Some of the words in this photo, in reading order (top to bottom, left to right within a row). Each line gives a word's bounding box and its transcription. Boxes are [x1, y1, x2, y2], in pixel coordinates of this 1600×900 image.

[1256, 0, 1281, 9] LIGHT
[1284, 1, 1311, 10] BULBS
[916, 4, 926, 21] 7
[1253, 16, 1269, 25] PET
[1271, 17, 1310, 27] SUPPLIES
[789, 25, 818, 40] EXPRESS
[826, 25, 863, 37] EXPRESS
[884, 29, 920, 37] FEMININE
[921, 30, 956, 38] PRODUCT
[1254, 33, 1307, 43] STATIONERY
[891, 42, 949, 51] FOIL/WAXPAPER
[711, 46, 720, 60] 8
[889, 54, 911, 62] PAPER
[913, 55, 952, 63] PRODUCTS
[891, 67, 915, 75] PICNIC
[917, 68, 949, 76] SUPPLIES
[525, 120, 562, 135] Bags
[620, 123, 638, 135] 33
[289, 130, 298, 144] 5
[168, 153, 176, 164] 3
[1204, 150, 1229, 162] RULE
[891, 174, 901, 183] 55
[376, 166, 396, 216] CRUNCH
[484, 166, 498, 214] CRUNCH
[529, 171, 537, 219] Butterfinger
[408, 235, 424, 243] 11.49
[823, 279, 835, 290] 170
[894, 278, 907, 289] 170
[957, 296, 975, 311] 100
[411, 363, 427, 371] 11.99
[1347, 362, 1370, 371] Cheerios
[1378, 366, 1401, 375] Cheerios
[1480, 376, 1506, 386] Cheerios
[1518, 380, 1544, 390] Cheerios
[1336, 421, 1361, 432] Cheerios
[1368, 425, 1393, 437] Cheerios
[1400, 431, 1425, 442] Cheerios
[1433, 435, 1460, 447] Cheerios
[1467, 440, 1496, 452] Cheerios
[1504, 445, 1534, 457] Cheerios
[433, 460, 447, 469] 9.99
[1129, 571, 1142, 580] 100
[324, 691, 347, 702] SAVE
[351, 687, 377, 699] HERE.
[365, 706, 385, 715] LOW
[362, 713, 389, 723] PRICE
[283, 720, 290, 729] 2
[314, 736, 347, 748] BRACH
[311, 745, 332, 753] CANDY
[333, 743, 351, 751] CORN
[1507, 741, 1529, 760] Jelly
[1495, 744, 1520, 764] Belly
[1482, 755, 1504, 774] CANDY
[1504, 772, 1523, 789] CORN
- - -
▶ [About this exercise]
Give back the material above exactly as it was given.

▶ [Output for this exercise]
Some of the words in this photo, in reading order (top to bottom, left to right within a row). Each line gives a word's bounding box and its transcription. Boxes are [x1, y1, x2, y2], in pixel coordinates of this 1600×900 image.

[1256, 0, 1281, 9] LIGHT
[1284, 1, 1311, 10] BULBS
[916, 4, 926, 21] 7
[1253, 16, 1269, 25] PET
[1271, 17, 1310, 27] SUPPLIES
[789, 25, 818, 40] EXPRESS
[826, 25, 863, 37] EXPRESS
[884, 29, 920, 37] FEMININE
[921, 30, 956, 38] PRODUCT
[1254, 33, 1307, 43] STATIONERY
[891, 42, 949, 51] FOIL/WAXPAPER
[711, 46, 720, 60] 8
[889, 54, 911, 62] PAPER
[913, 55, 952, 63] PRODUCTS
[891, 67, 915, 75] PICNIC
[917, 68, 949, 76] SUPPLIES
[525, 120, 562, 135] Bags
[620, 123, 638, 135] 33
[289, 130, 298, 144] 5
[168, 153, 176, 164] 3
[1204, 150, 1229, 162] RULE
[891, 174, 901, 183] 55
[376, 166, 396, 216] CRUNCH
[484, 166, 498, 214] CRUNCH
[529, 171, 537, 219] Butterfinger
[408, 235, 424, 243] 11.49
[823, 279, 835, 290] 170
[894, 278, 907, 289] 170
[957, 296, 975, 311] 100
[411, 363, 427, 371] 11.99
[1347, 362, 1370, 371] Cheerios
[1378, 366, 1401, 375] Cheerios
[1480, 376, 1506, 386] Cheerios
[1518, 380, 1544, 390] Cheerios
[1336, 421, 1361, 432] Cheerios
[1368, 425, 1393, 437] Cheerios
[1400, 431, 1425, 442] Cheerios
[1433, 435, 1460, 447] Cheerios
[1467, 440, 1496, 452] Cheerios
[1504, 445, 1534, 457] Cheerios
[433, 460, 447, 469] 9.99
[1129, 571, 1142, 580] 100
[324, 691, 347, 702] SAVE
[351, 687, 377, 699] HERE.
[365, 706, 385, 715] LOW
[362, 713, 389, 723] PRICE
[283, 720, 290, 729] 2
[314, 736, 347, 748] BRACH
[311, 745, 332, 753] CANDY
[333, 743, 351, 751] CORN
[1507, 741, 1529, 760] Jelly
[1495, 744, 1520, 764] Belly
[1482, 755, 1504, 774] CANDY
[1504, 772, 1523, 789] CORN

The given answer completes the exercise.